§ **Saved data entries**
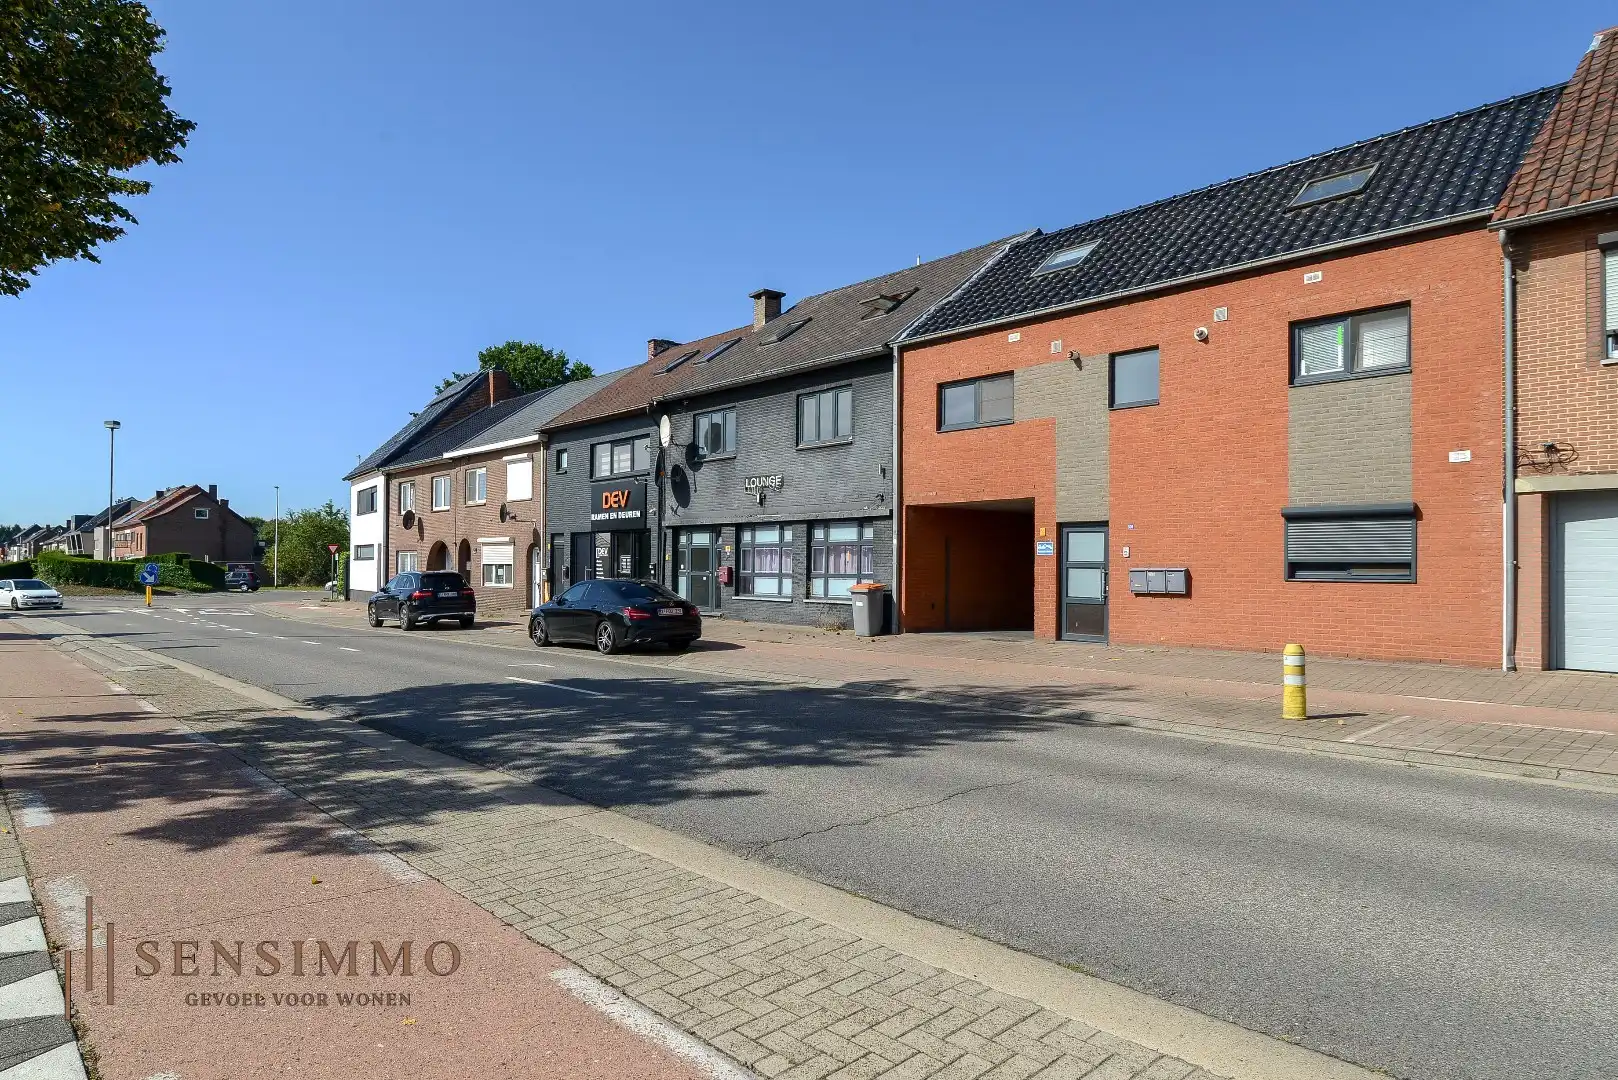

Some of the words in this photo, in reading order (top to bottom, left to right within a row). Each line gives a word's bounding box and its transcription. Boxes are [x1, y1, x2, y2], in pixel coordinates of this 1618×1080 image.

[745, 475, 782, 488] LOUNGE
[602, 489, 629, 509] DEV
[591, 512, 609, 521] RAMEN
[609, 512, 618, 520] EN
[617, 510, 641, 519] DEUREN

§ **What you have to do**
Your task is to set down every entry exactly, leaving out any picture it contains.

§ **Solved problem**
Some of the words in this photo, in reading order (top to bottom, left to right within a row). Each line gives a word's bounding box and its transcription. Boxes are [x1, y1, x2, y2], in pixel coordinates of this 1618×1080 image.

[745, 475, 782, 488] LOUNGE
[602, 489, 629, 509] DEV
[591, 512, 609, 521] RAMEN
[609, 512, 618, 520] EN
[617, 510, 641, 519] DEUREN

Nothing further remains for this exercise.